=== Exercise aim ===
Everything in the entries below except the pictures must be returned exactly.

=== Data ===
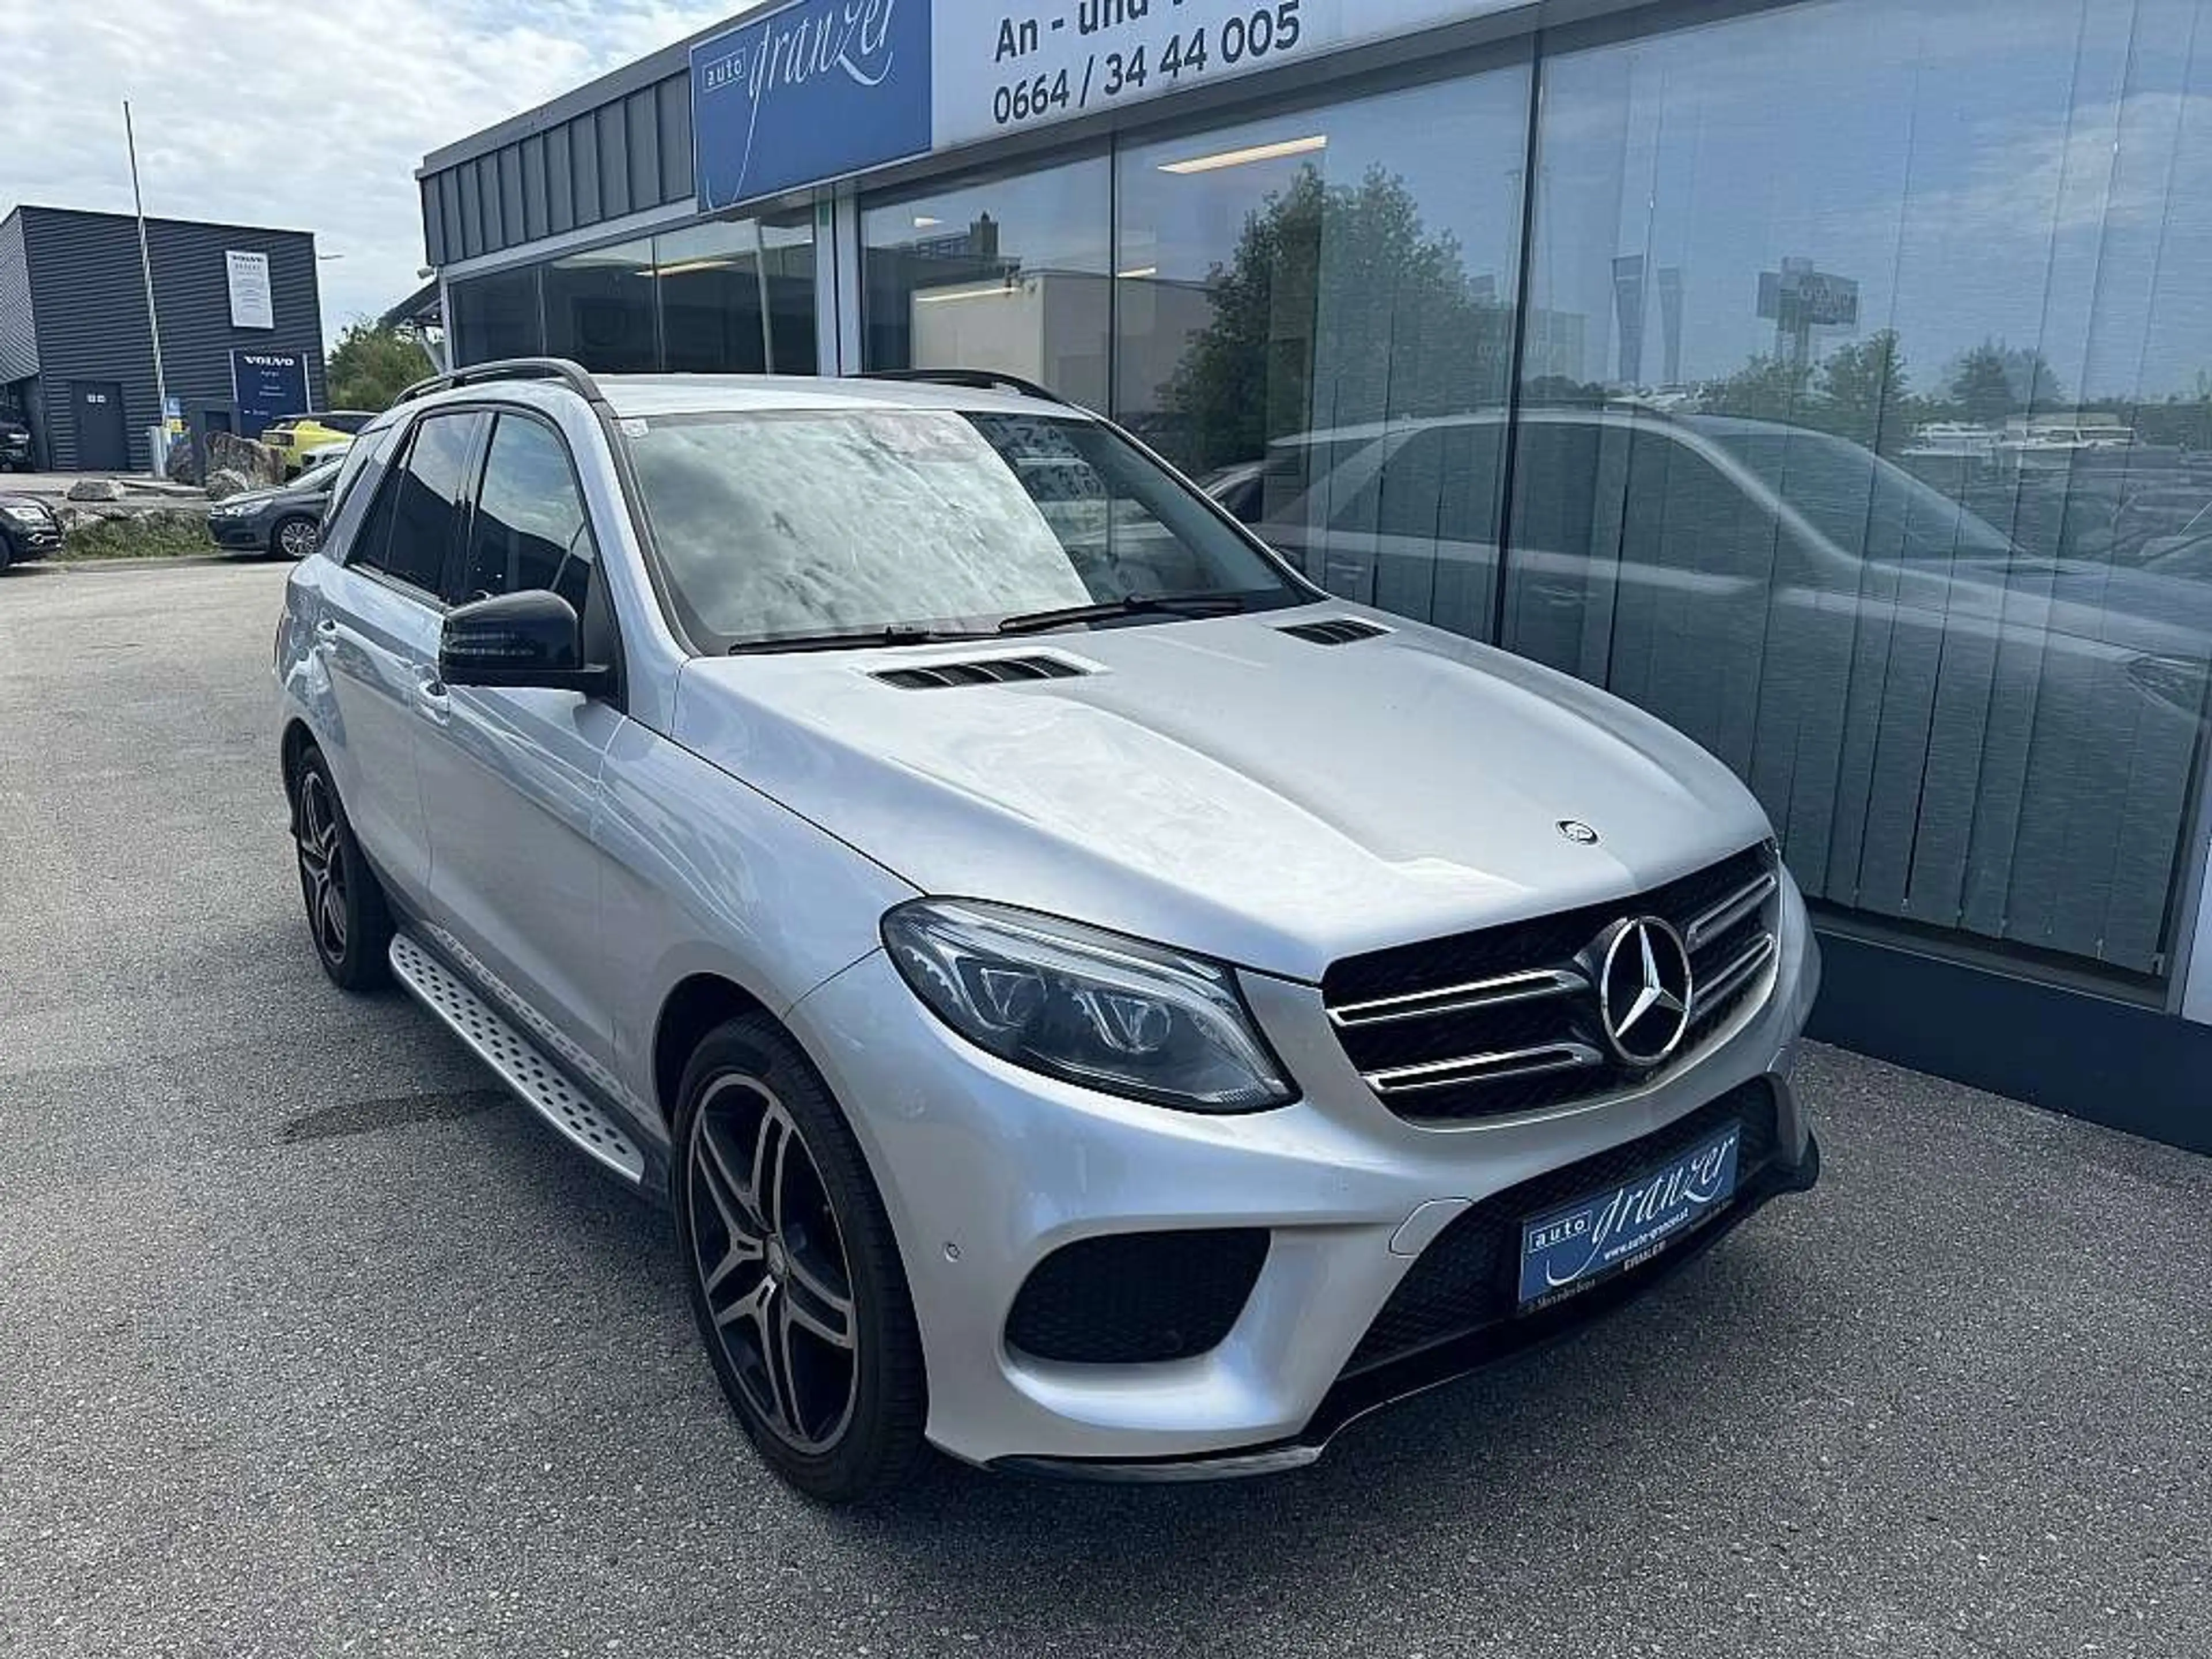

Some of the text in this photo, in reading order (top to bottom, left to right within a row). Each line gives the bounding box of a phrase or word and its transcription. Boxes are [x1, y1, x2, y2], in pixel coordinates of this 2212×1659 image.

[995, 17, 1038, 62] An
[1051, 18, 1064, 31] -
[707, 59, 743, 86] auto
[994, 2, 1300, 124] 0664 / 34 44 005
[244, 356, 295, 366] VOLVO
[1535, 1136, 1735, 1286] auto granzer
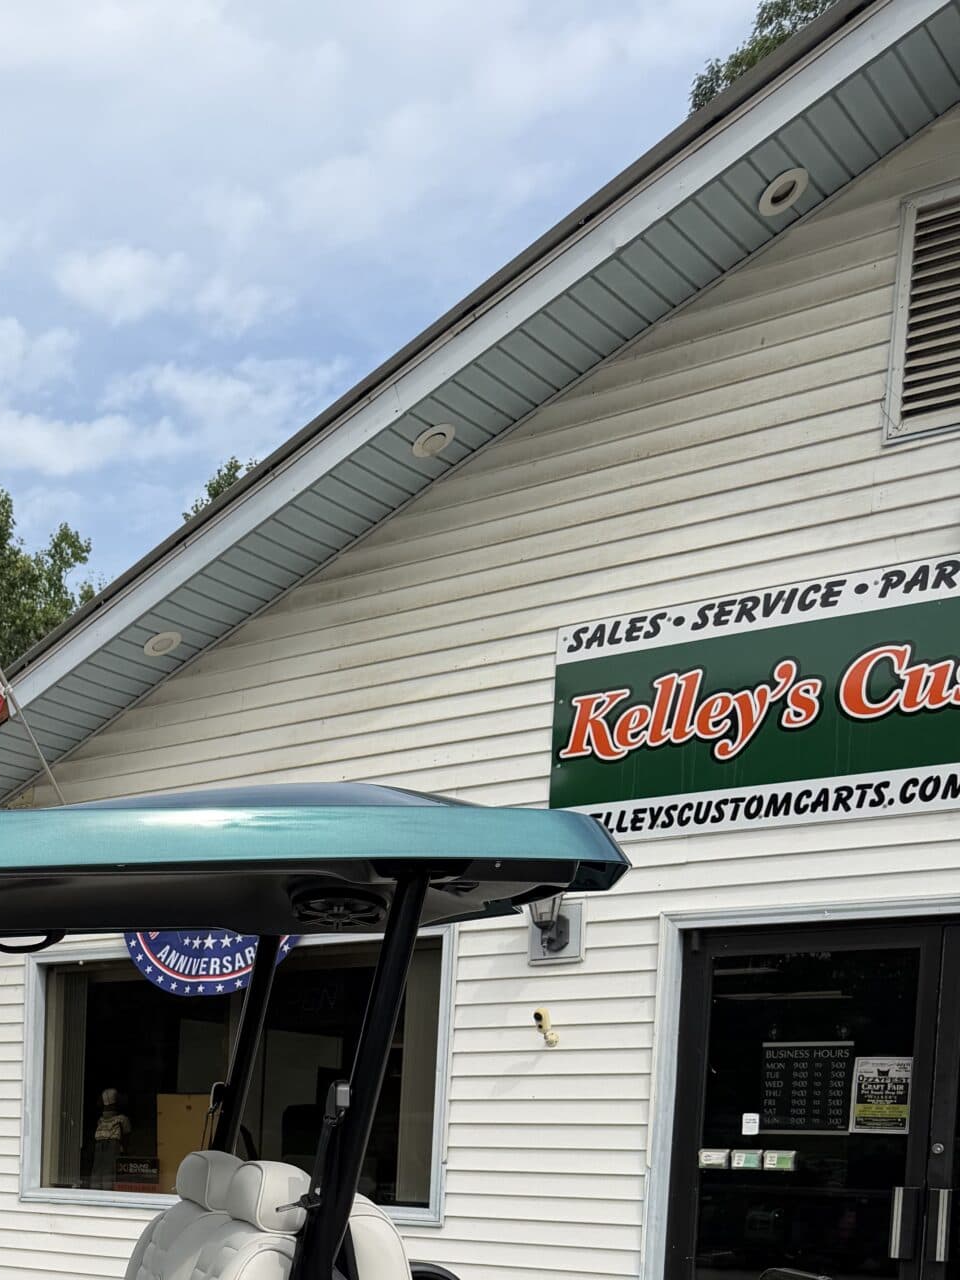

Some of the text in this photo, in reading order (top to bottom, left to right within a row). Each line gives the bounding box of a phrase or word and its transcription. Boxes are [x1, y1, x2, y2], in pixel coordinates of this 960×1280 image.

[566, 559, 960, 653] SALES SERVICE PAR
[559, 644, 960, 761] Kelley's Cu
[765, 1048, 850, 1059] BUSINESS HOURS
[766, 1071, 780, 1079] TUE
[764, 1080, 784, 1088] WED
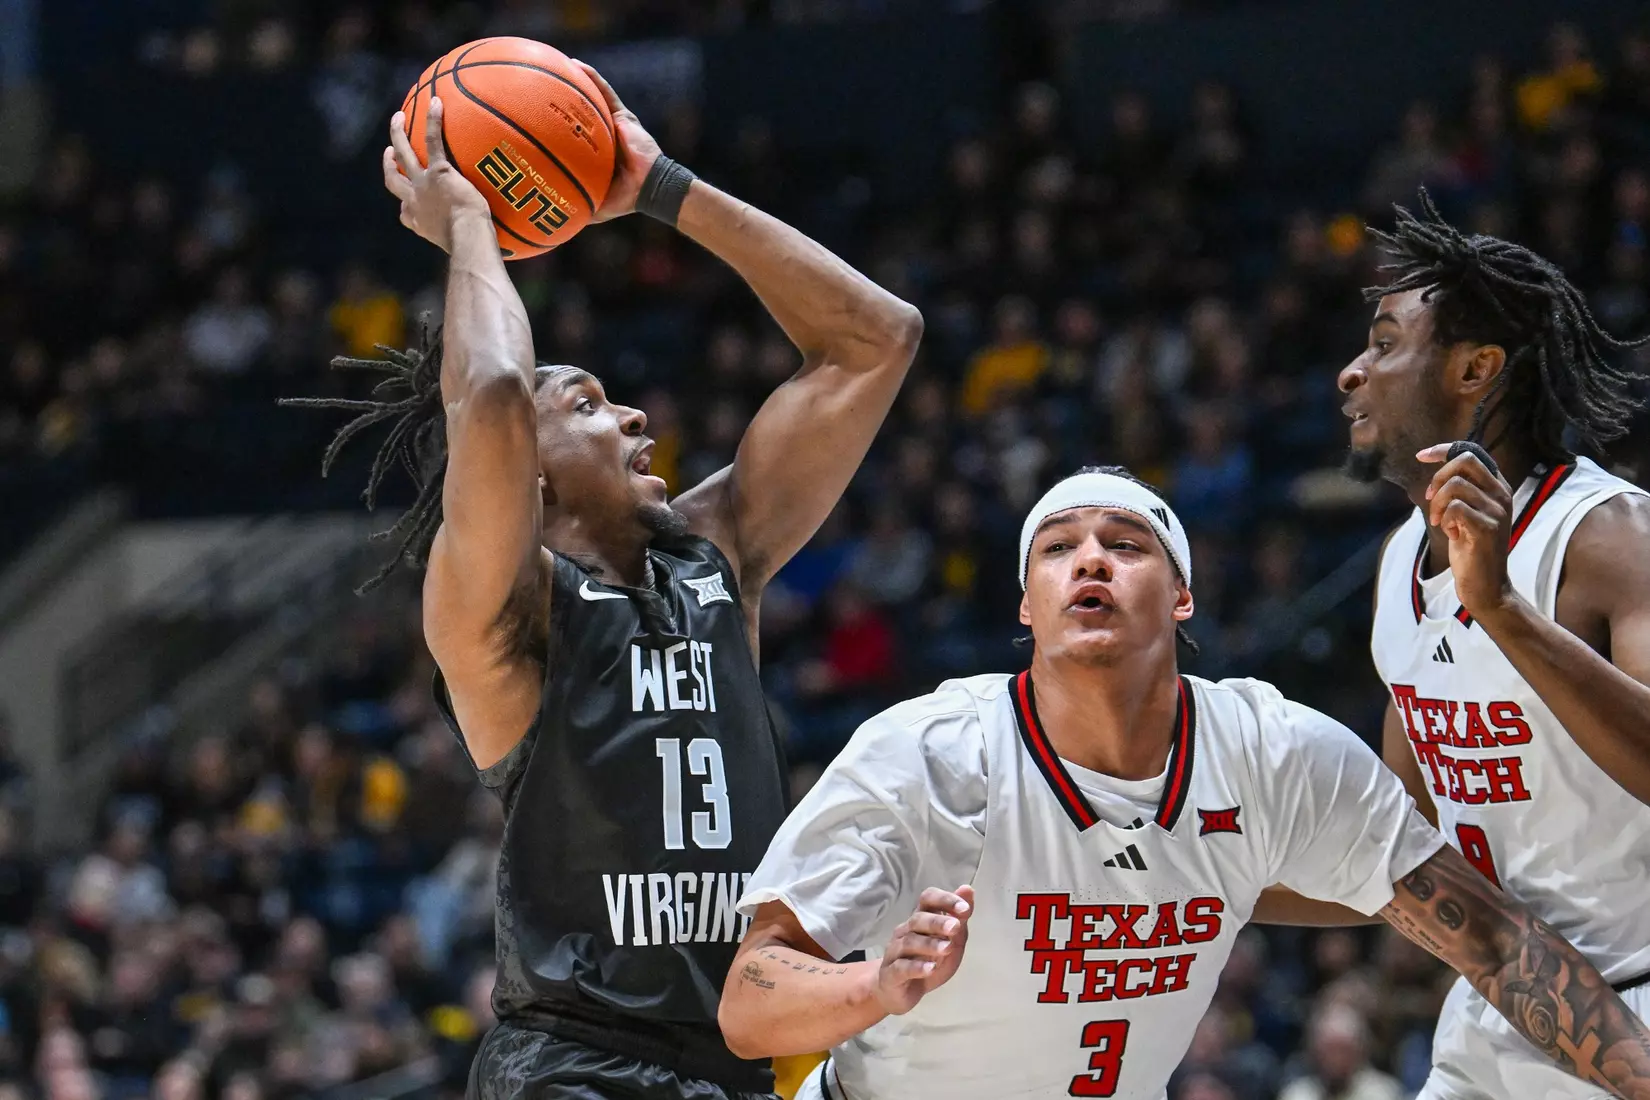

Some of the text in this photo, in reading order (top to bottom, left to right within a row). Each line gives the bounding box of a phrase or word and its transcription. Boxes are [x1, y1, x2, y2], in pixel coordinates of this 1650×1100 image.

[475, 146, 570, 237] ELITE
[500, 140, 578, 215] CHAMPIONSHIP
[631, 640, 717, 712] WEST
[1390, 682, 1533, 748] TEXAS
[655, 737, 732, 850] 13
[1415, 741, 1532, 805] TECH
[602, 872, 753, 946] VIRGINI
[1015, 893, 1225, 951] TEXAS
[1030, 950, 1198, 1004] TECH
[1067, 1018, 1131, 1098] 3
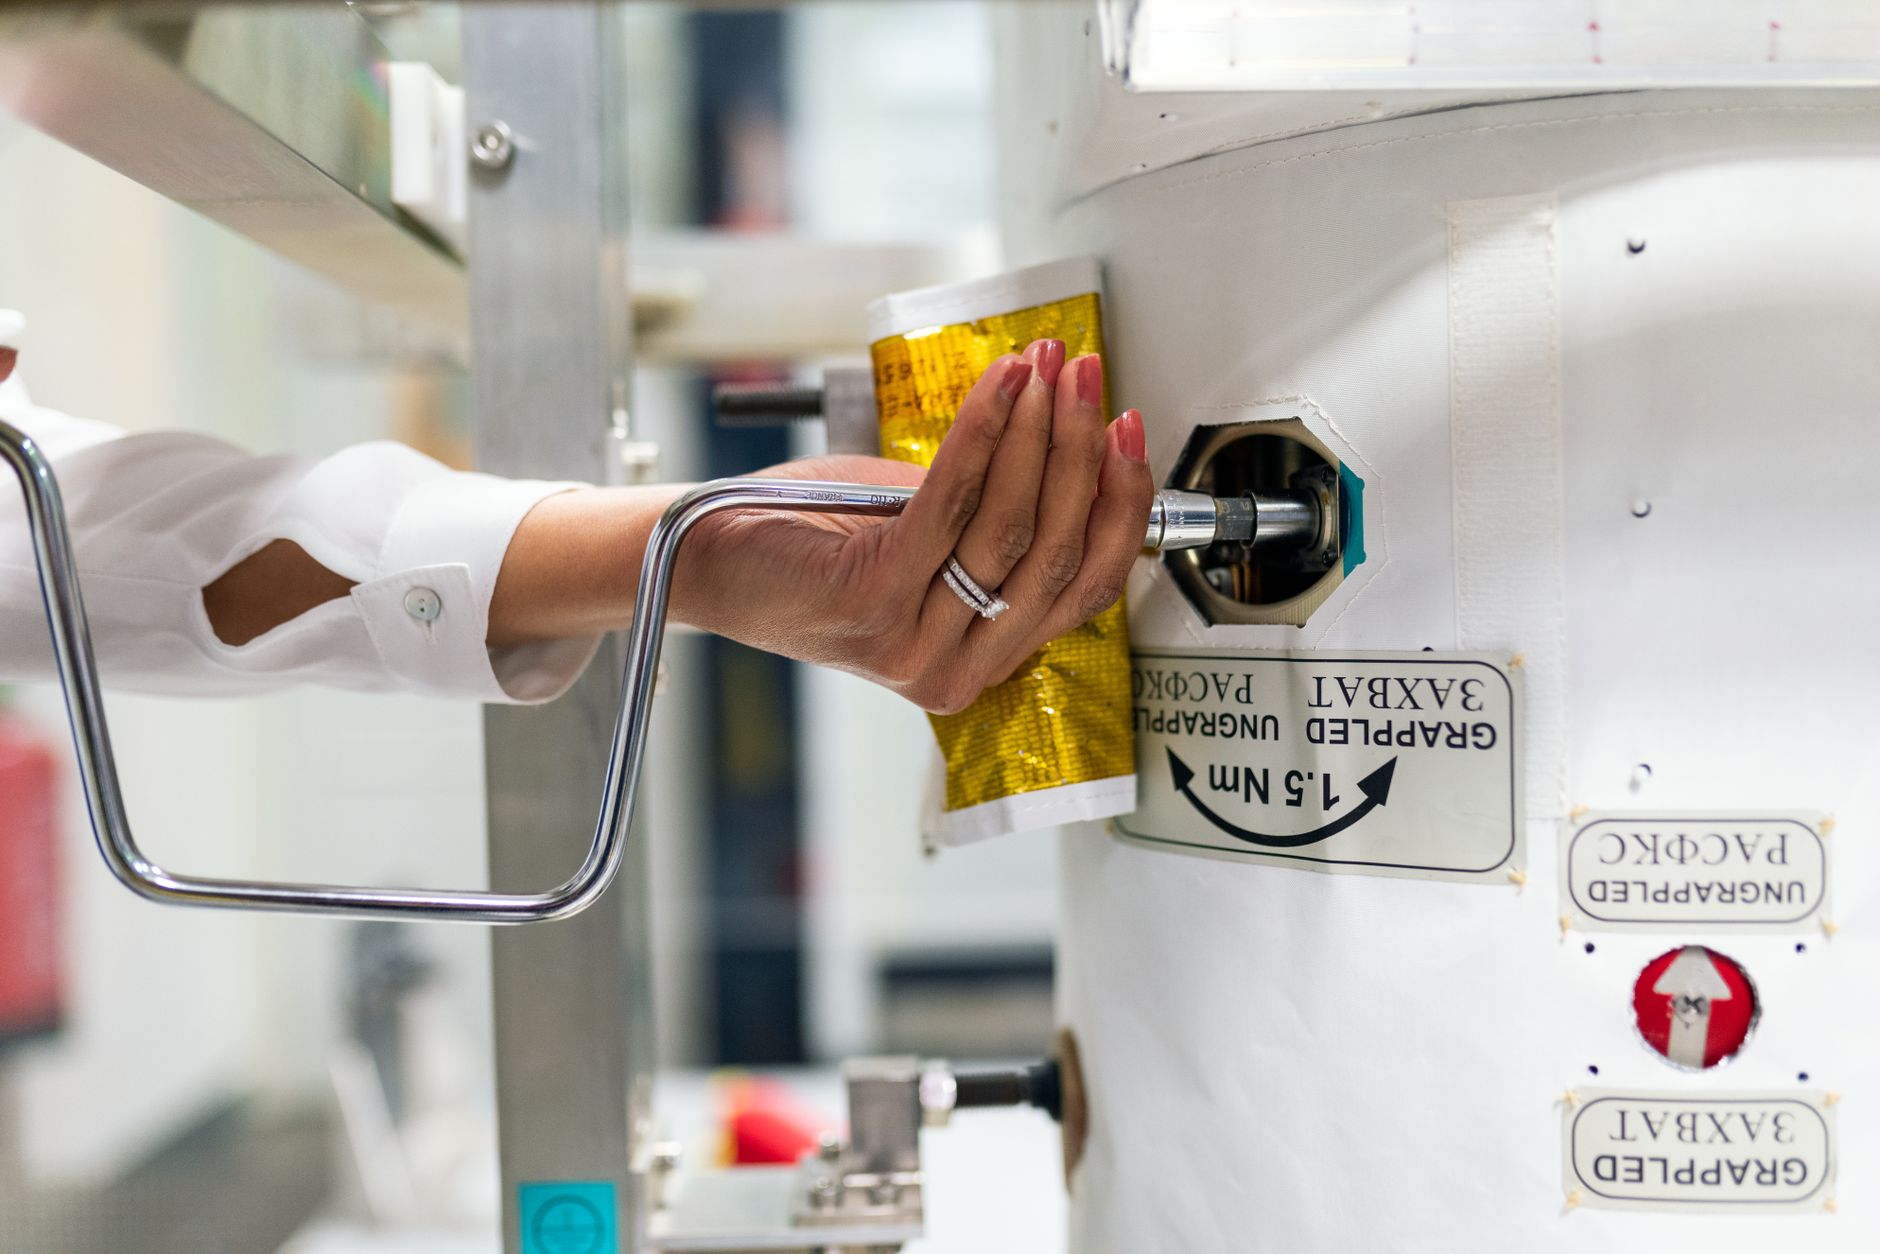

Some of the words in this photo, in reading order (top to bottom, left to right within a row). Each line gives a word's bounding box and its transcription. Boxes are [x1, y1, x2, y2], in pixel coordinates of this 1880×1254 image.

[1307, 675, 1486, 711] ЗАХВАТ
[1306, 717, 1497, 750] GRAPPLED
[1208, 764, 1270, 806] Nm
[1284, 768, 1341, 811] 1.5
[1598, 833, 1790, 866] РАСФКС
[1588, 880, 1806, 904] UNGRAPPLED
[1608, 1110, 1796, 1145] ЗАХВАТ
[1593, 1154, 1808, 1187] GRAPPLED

=== Output below ===
Some of the text in this photo, in reading order (top to bottom, left to right within a row). Each line gives the bounding box of a phrase or word and its transcription. Boxes are [x1, y1, x2, y2], in pixel coordinates of this 2212×1659 image.

[995, 17, 1038, 62] An
[1051, 18, 1064, 31] -
[707, 59, 743, 86] auto
[994, 2, 1300, 124] 0664 / 34 44 005
[244, 356, 295, 366] VOLVO
[1535, 1136, 1735, 1286] auto granzer

Some of the text in this photo, in reading order (top to bottom, left to right within a row). Each line gives the bounding box of a phrase or word and its transcription. Boxes are [x1, y1, x2, y2], in pixel coordinates of this 960×1280 image.

[566, 559, 960, 653] SALES SERVICE PAR
[559, 644, 960, 761] Kelley's Cu
[765, 1048, 850, 1059] BUSINESS HOURS
[766, 1071, 780, 1079] TUE
[764, 1080, 784, 1088] WED

Some of the text in this photo, in reading order (top to bottom, left to right within a row). Each line gives the bounding box of a phrase or word and its transcription. Boxes are [x1, y1, x2, y2], in pixel coordinates of this 1650×1100 image.

[475, 146, 570, 237] ELITE
[500, 140, 578, 215] CHAMPIONSHIP
[631, 640, 717, 712] WEST
[1390, 682, 1533, 748] TEXAS
[655, 737, 732, 850] 13
[1415, 741, 1532, 805] TECH
[602, 872, 753, 946] VIRGINI
[1015, 893, 1225, 951] TEXAS
[1030, 950, 1198, 1004] TECH
[1067, 1018, 1131, 1098] 3

Some of the words in this photo, in reading order (top to bottom, left to right within a row). Each line gives a word's bounding box and its transcription. Boxes are [x1, y1, x2, y2], in pixel coordinates of this 1880×1254 image.

[1307, 675, 1486, 711] ЗАХВАТ
[1306, 717, 1497, 750] GRAPPLED
[1208, 764, 1270, 806] Nm
[1284, 768, 1341, 811] 1.5
[1598, 833, 1790, 866] РАСФКС
[1588, 880, 1806, 904] UNGRAPPLED
[1608, 1110, 1796, 1145] ЗАХВАТ
[1593, 1154, 1808, 1187] GRAPPLED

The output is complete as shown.